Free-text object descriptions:
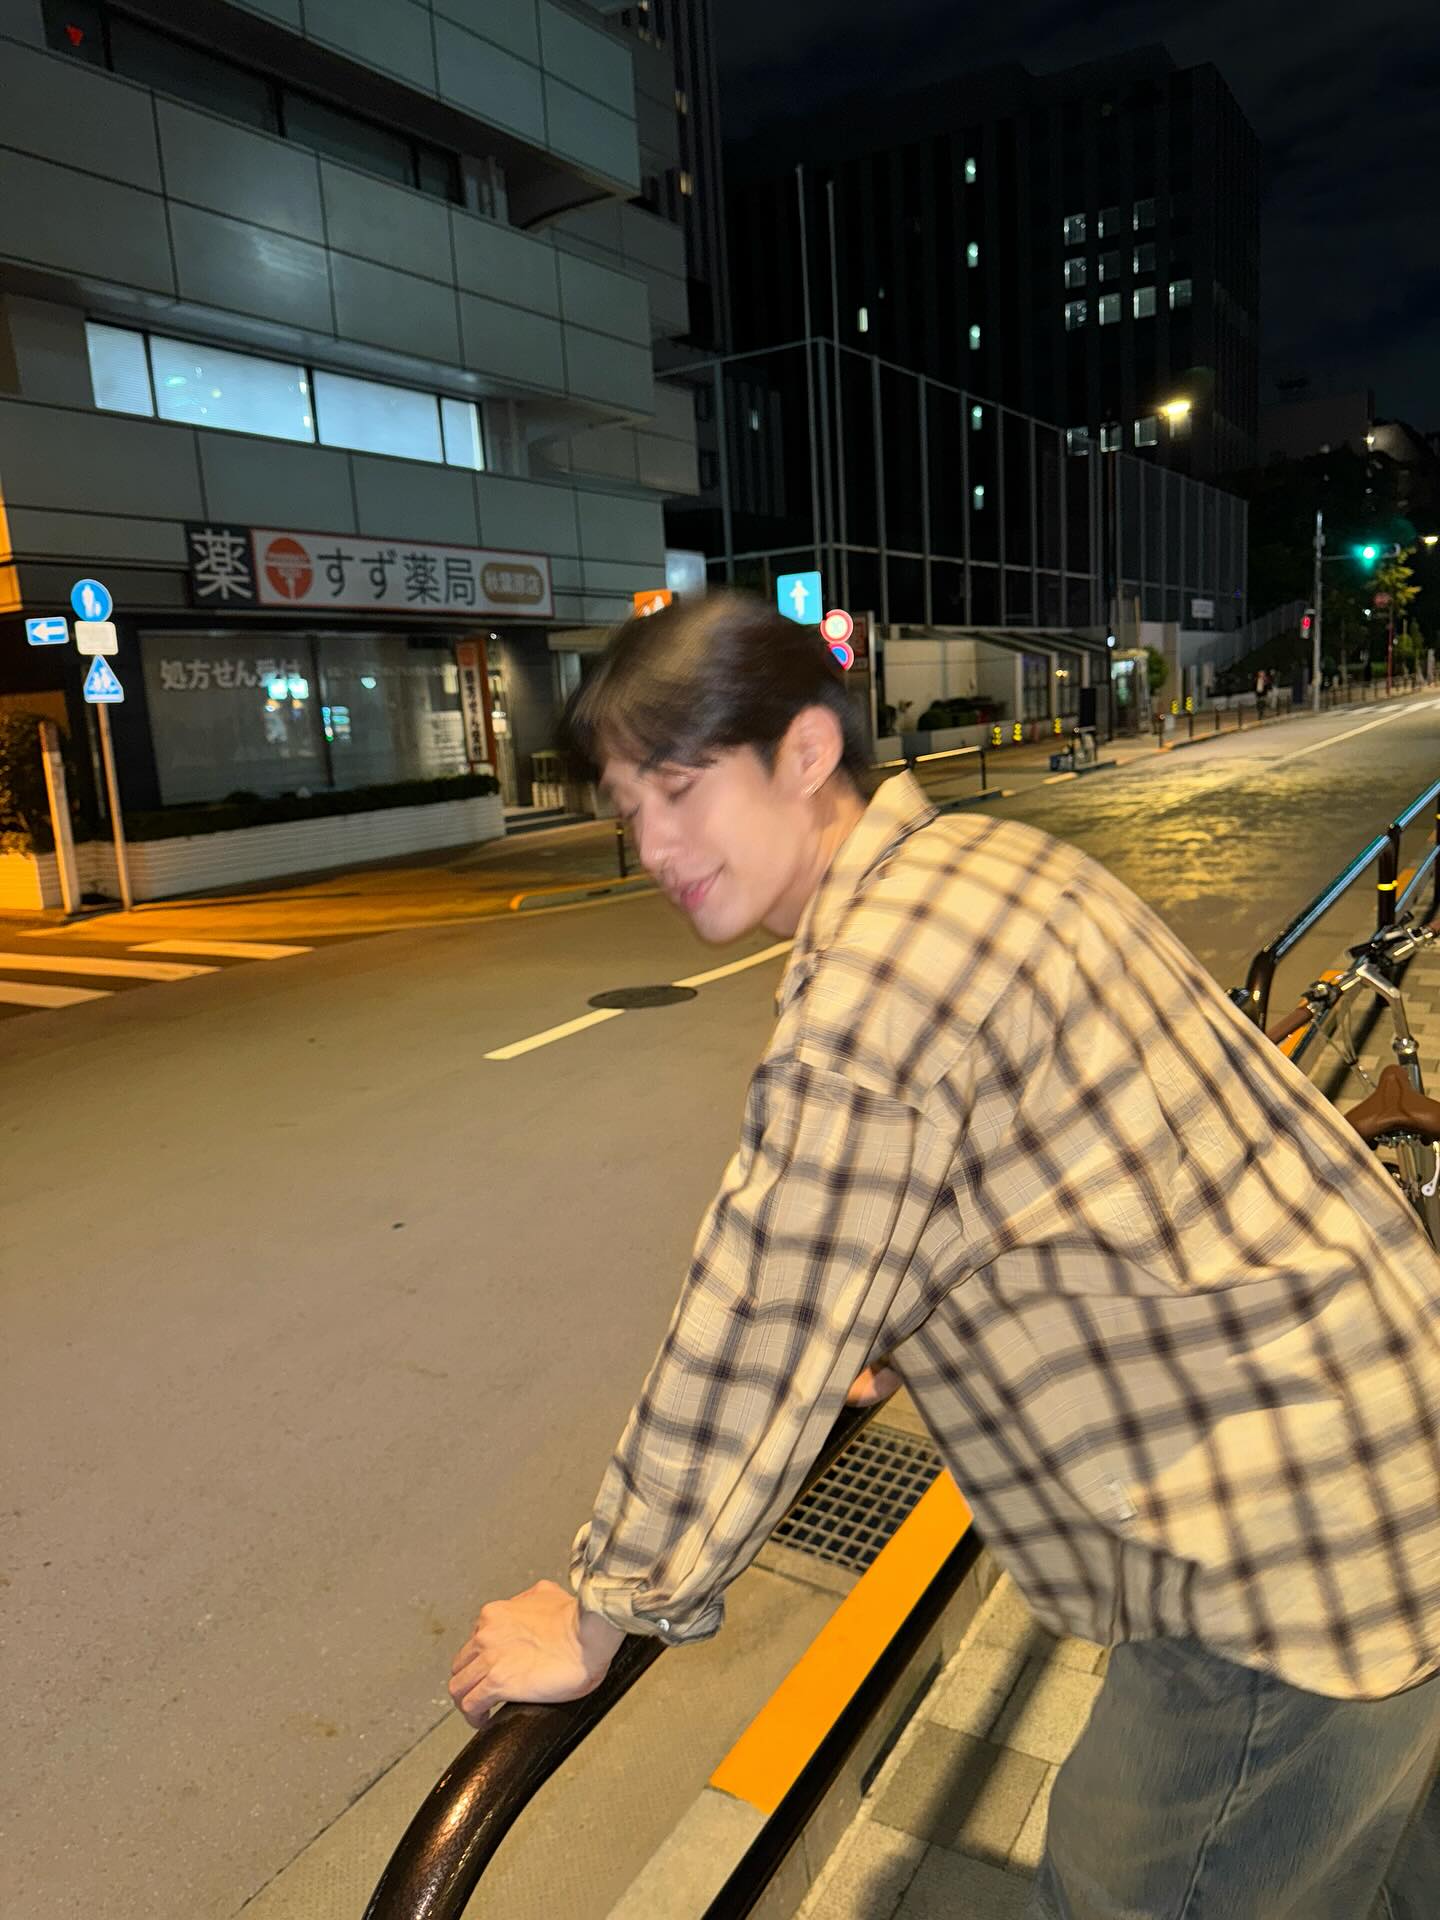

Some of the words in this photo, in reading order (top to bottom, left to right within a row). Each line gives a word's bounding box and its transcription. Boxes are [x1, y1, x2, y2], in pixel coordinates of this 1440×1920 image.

[190, 528, 252, 599] 薬
[317, 548, 476, 606] すず薬局
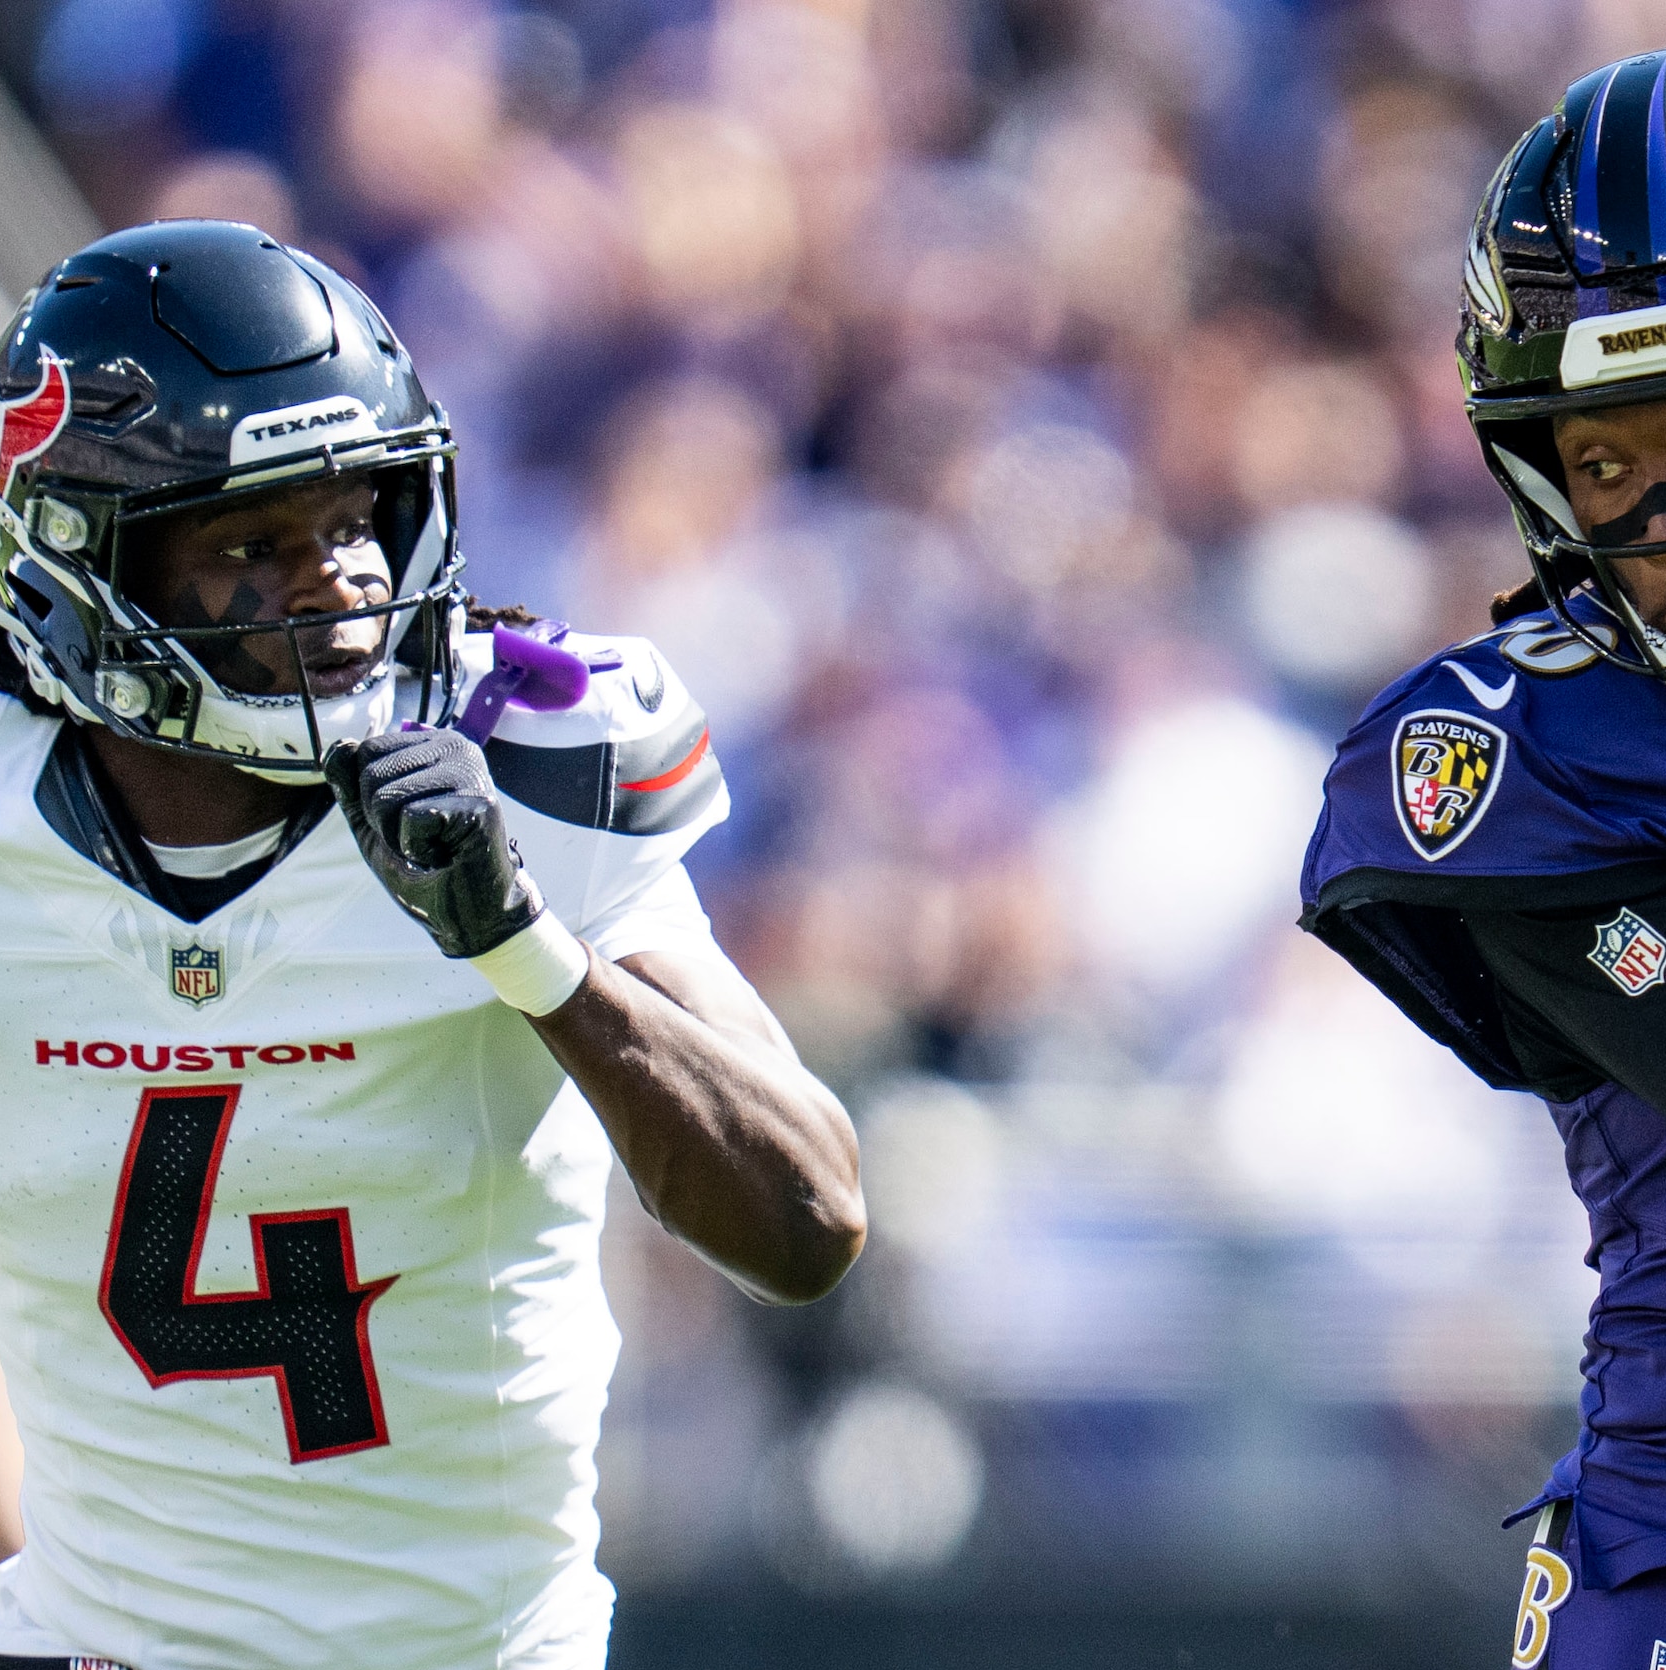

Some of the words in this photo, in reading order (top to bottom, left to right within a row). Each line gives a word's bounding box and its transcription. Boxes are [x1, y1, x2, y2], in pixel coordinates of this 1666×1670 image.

[246, 406, 360, 442] TEXANS
[1408, 721, 1491, 750] RAVENS
[1615, 936, 1664, 988] NFL
[176, 968, 217, 997] NFL
[35, 1038, 356, 1072] HOUSTON
[98, 1083, 401, 1464] 4

TASK PROMPT: For each record, return its text exactly and leave any picture out.

RESPONSE TO THIS EXERCISE:
Some of the words in this photo, in reading order (top to bottom, left to right within a row). Each line gives a word's bounding box and its transcription. Boxes are [x1, y1, x2, y2], in pixel coordinates of this 1440×1920 image.

[190, 528, 252, 599] 薬
[317, 548, 476, 606] すず薬局

Some of the words in this photo, in reading order (top to bottom, left to right within a row). Each line gives a word's bounding box and its transcription. Boxes are [x1, y1, x2, y2], in pixel coordinates of this 1666×1670 image.

[246, 406, 360, 442] TEXANS
[1408, 721, 1491, 750] RAVENS
[1615, 936, 1664, 988] NFL
[176, 968, 217, 997] NFL
[35, 1038, 356, 1072] HOUSTON
[98, 1083, 401, 1464] 4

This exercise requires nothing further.